C’est l’histoire d’un détenu sénégalais nommé Assane Tall, aujourd’hui âgé de 70 ans.

L’homme, frêle, la barbe abondante et blanchie par le poids de l’âge, sa fierté en bandoulière, a passé 28 ans à la prison de Rebeuss. Il est le détenu qui a le plus duré à la Maison d’arrêt de Rebeuss. Et l’homme qui a réussi à déjouer le rigide règlement intérieur de ce mythique établissement pénitentiaire.

Rebeuss étant une maison d’arrêt, elle ne doit, en principe, recueillir que des prisonniers en attente de jugement ou qui purgent des peines inférieures ou égales à 6 mois. Tout condamné à une peine supérieure à cette peine doit être transféré dans l’un des deux camps pénaux du Sénégal (Liberté 6 ou Koutal) ou dans les autres Maisons d’arrêt et de correction (Mac) comme le Cap Manuel.

Assane Tall, lui, « habite » depuis 28 ans à la prison de Rebeuss et y demeure toujours. Et pourtant, il a bénéficié d’une libération conditionnelle. Il fait partie des 800 détenus concernés par la série de libérations décidée par le Garde des Sceaux, ministre de la Justice, Me Sidiki Kaba.

Le jour où sa décision de libération est arrivée, Assane Tall était parti faire des achats avec des gardes pénitentiaires. La nouvelle a parcouru chambre après chambre jusqu’à arriver aux oreilles des 2500 détenus que compte Rebeuss. Ils se sont tous réjouis de la bonne fortune de Assane Tall. « Enfin le destin lui fait un clin d’œil. Il va sortir de cette sinistre geôle et rejoindre sa famille », se disent les détenus. Mais lorsque Assane arrive, il surprend tout le monde.

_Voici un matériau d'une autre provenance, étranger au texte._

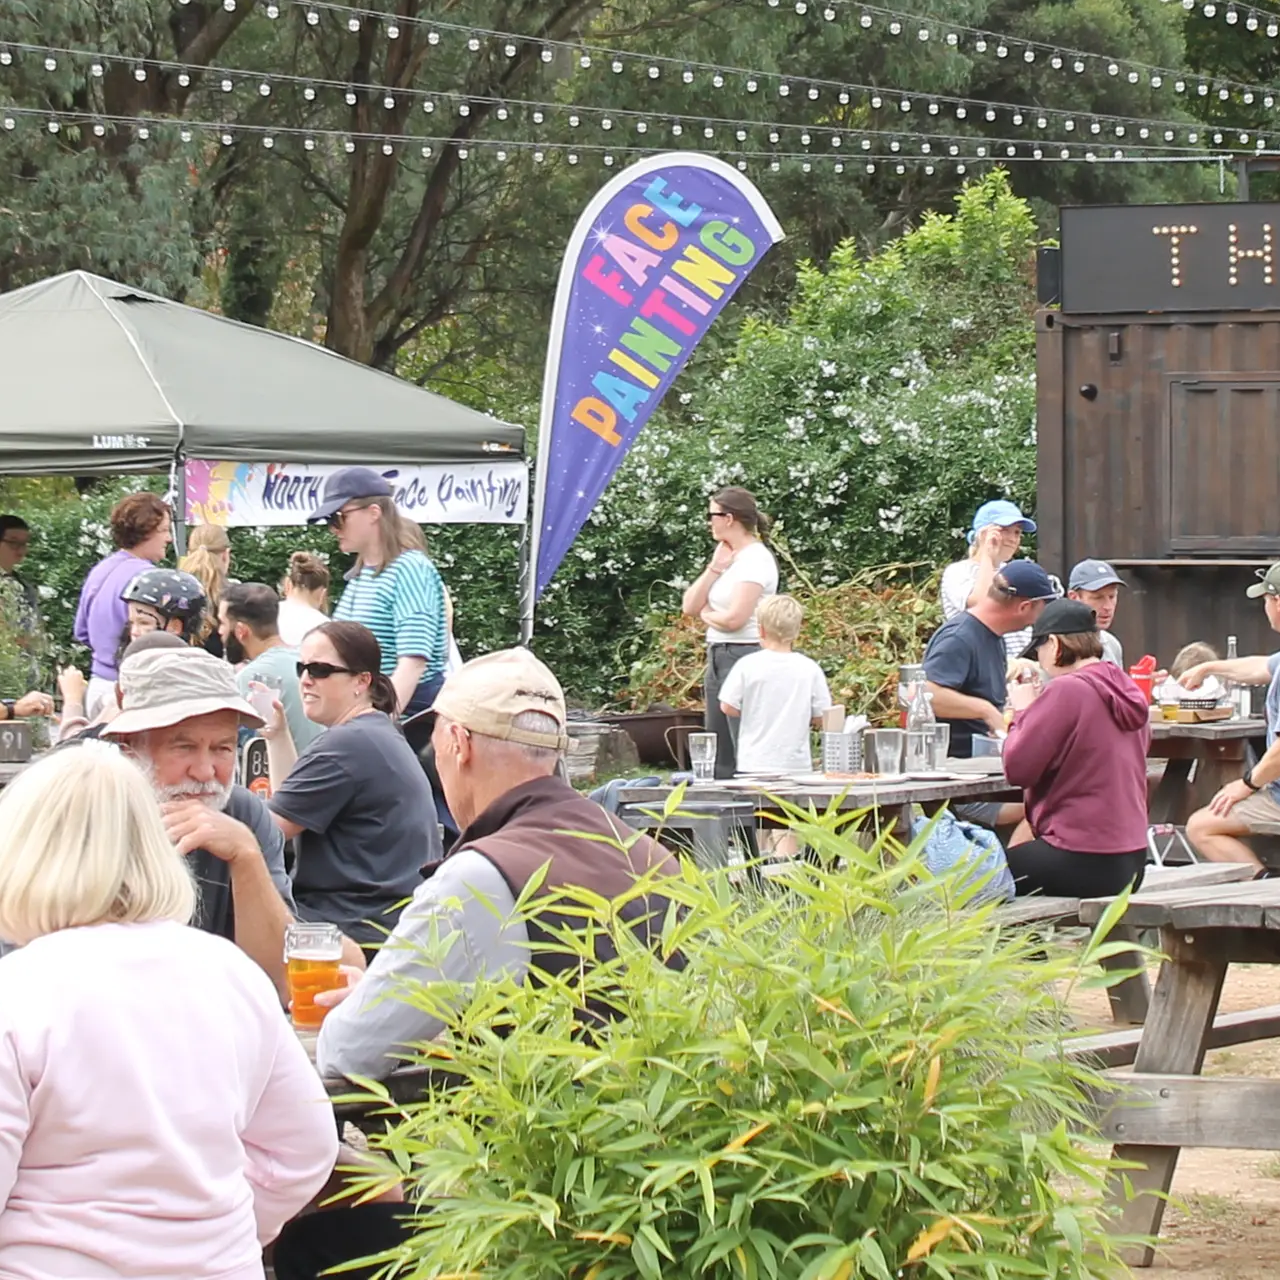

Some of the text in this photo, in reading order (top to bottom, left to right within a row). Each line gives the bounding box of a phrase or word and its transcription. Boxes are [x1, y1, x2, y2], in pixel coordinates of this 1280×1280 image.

[582, 176, 703, 308] FACE
[571, 220, 756, 448] PAINTING
[261, 470, 323, 511] NORTH
[2, 731, 23, 750] 91
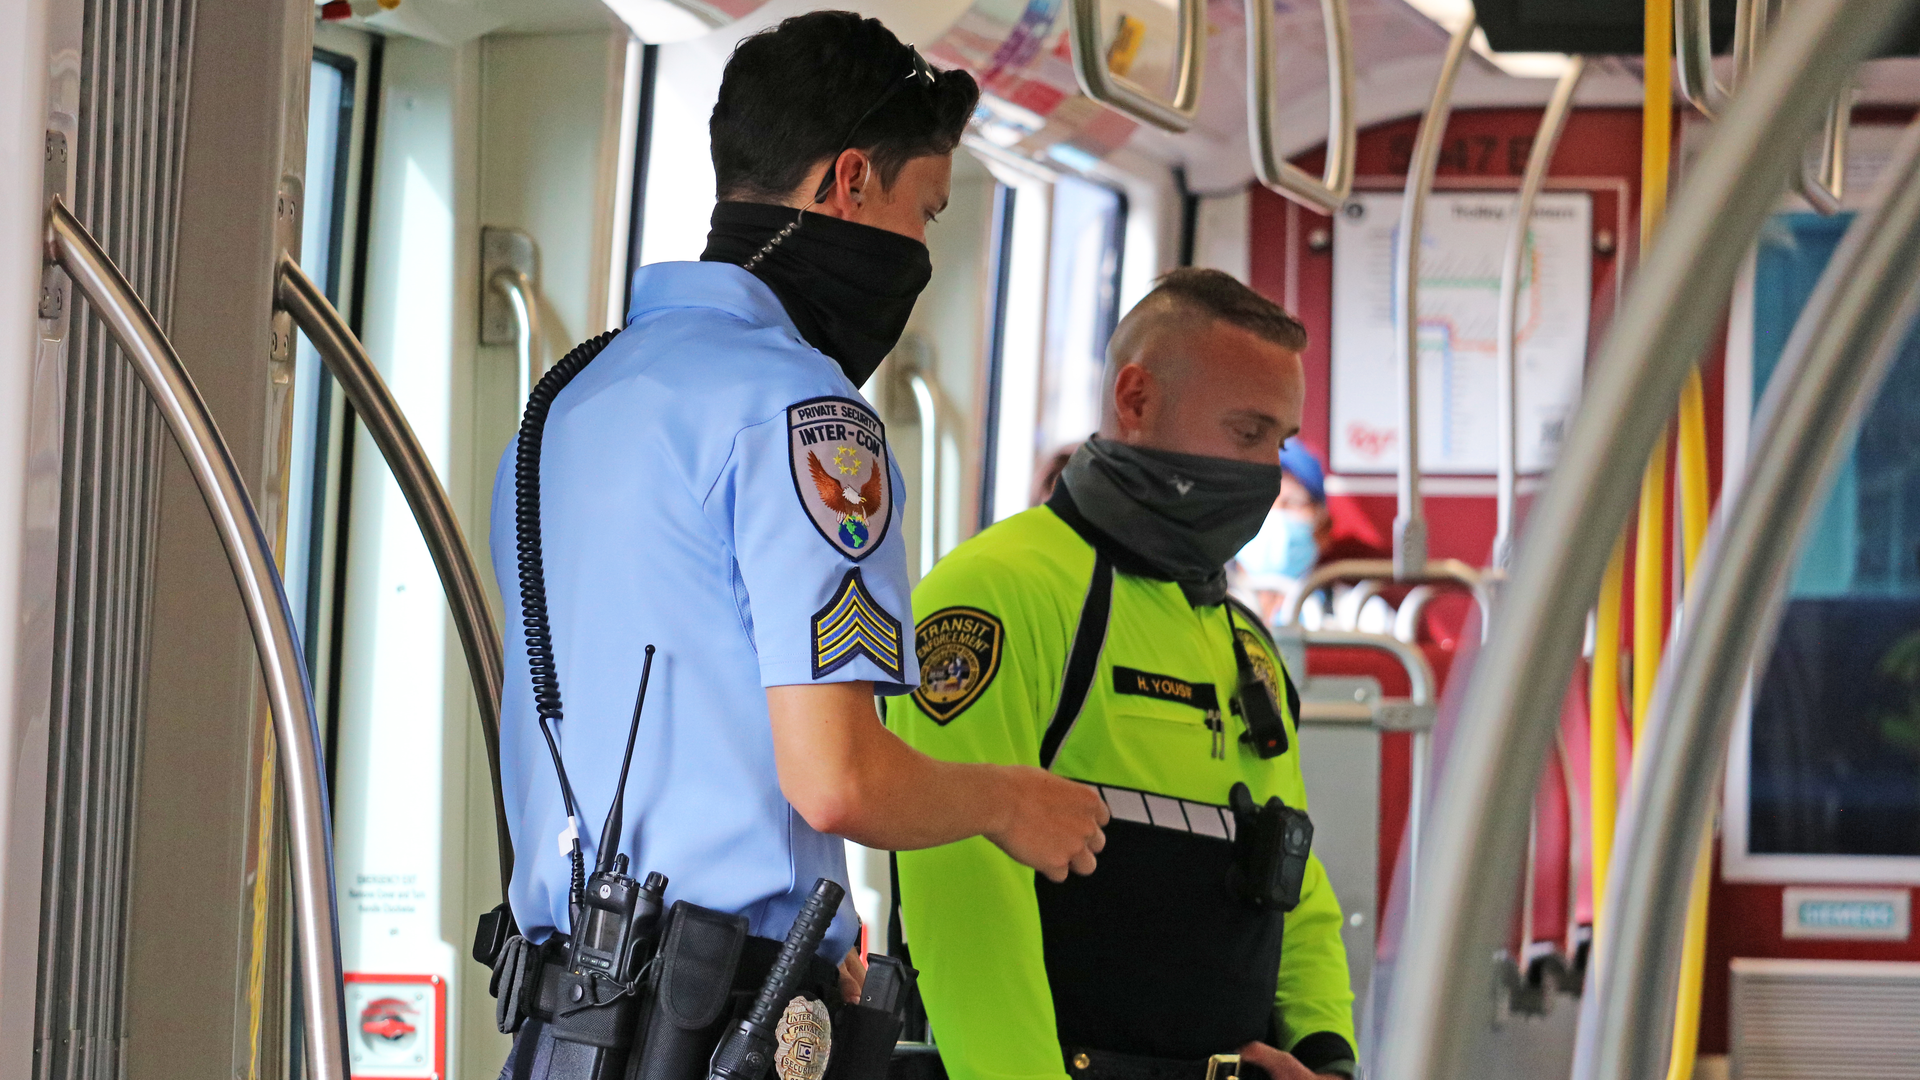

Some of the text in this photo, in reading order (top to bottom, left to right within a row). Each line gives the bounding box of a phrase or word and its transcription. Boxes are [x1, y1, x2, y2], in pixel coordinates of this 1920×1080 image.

« J’ai refusé de sortir de Rebeuss »

« J’ai refusé de sortir. J’ai dit que je ne vais nulle part tant qu’on ne me donne pas mon argent. Vous savez, quand tu travailles en prison, on te fait signer des pécules. J’en ai beaucoup signé, mais on ne m’a rien payé. J’ai alors décidé de rester en prison, malgré ma libération conditionnelle. Lors de mon 2e séjour carcéral pour une affaire de meurtre, j’avais demandé au Bon Dieu de m’aider, de me préserver et de me laisser mourir en prison, s’il le faut, si je devais sortir et revenir. Dieu a exaucé mes prières. Je vis encore à la prison de Rebeuss. On m’a même octroyé un espace là-bas. Mais, je dois le construire pour y habiter. Le problème est que je n’en ai pas les moyens. Aïdara Sylla et Karim Wade avaient promis de prendre en charge les frais de construction. Après cela, Karim avait demandé aux autorités s’il pouvait voir la place qui m’a été octroyée. Le directeur a refusé et Karim s’est finalement désengagé », dit-il, emmitouflé dans un jacquet bleu, malgré la canicule.

Assane Tall se sent à l’aise à la prison de Rebeuss. Il prépare ses propres repas. « C’est à moi seul qu’on a permis cela », dit-il. Il connait « 100 M2 » dans ses moindres recoins. Il a été pensionnaire de toutes les chambres (1 à 43), « sauf les nouvelles, c’est-à-dire 44, 45, 46, parce qu’elles sont en construction », dit-il.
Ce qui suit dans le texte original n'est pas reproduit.